Uniform details visible — including GvR Royal Engineers cap badges, “R.E.” shoulder titles, white Signal Service lanyards, and mounted cable section spurs — confirm the unit and training function.

Frost on the ground and winter clothing indicate a late 1915 or early 1916 intake.


Plate II: Embossed Studio Portrait, A.E. Lupton, Hitchin

A formal embossed studio postcard portrait produced by A.E. Lupton, one of Hitchin’s principal early 20th-century photographic studios.
The sitter wears early-war Pattern 1902 Service Dress, a Royal Engineers cap badge, and a leather equipment belt typical of pre-deployment photographs taken shortly after attestation.

The embossed frame and crisp tonal depth are characteristic of Lupton’s wartime portrait work.


Plate III: Warm-Tone Studio Portrait, A.E. Lupton, Hitchin

A companion portrait from the same sitting, presented in a warm early-war photographic tone.
This image forms the opening pair in the collection narrative: the recruit in full studio dress prior to his Signal Service training assignment.


Identification & Context

The three photographs depict the same serviceman, creating a rare and uninterrupted sequence from studio attestation portraiture to training camp group assembly.

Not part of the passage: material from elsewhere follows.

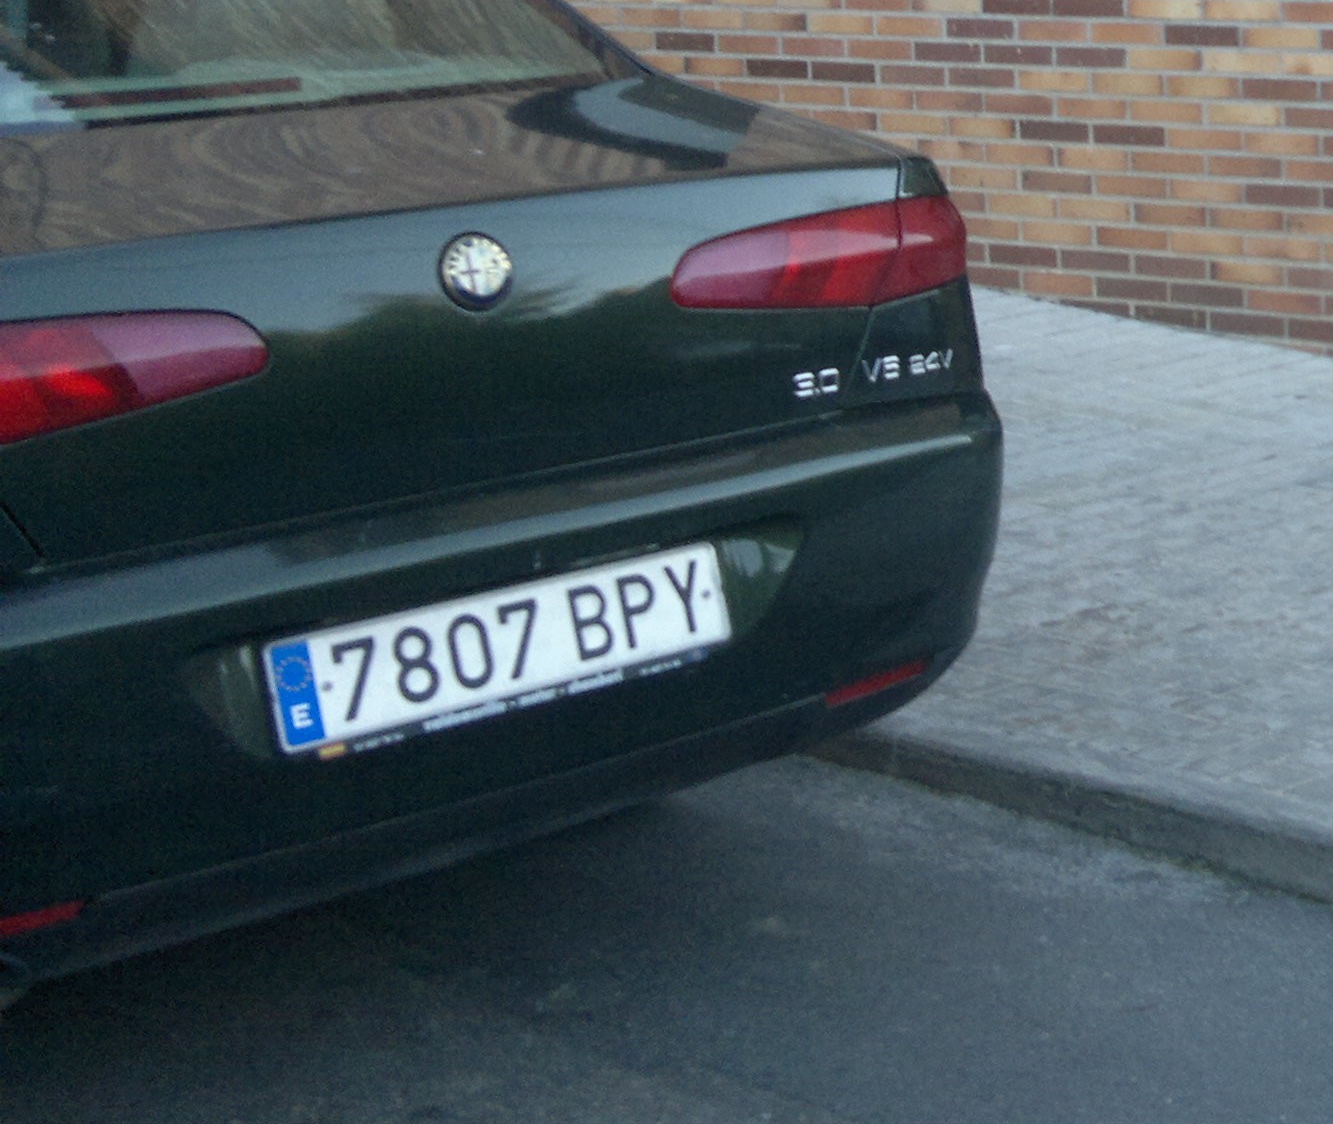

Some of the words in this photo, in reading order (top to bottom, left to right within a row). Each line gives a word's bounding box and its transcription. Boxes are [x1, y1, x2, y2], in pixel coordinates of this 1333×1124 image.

Haynes Park was a key instructional site for:

  • telegraphy and wireless

  • mounted cable laying

  • linesmen training

  • field engineering communications

Architectural features in Plate I match preserved records and imagery from the Haynes Park WWI heritage projects, narrowing the dating to the recruitment wave of late 1915.


Research & Provenance

This set has been researched, catalogued, and presented by Timefound Archives, including:

  • identification of studio origin

  • confirmation of Royal Engineers Signal Service insignia

  • architectural comparison of Haynes Park structures

  • period-uniform analysis

  • sequencing of photographic chronology

A printed and digital provenance and research report accompanies the set.


Condition & Presentation

  • Original postcards in excellent condition

  • Professionally mounted on A4 acid-free museum boards

  • A6 explanatory cards inset beneath each photograph

  • Supplied in archival sleeves for safe long-term storage

This presentation allows the photographs to be displayed, researched, or preserved as part of a larger WWI Royal Engineers collection.


Significance

This set is of particular interest to collectors and researchers of:

  • Royal Engineers & Signal Service history

  • WWI training camps and pre-deployment photography

  • Haynes Park and Hertfordshire/Bedfordshire military heritage

  • Early-war portraiture and studio photographic practices

  • Communications units and technical corps in WWI

Coherent multi-plate sequences of Royal Engineers Signal Service recruits — especially those linked between Hitchin and Haynes Park — are uncommon survivors.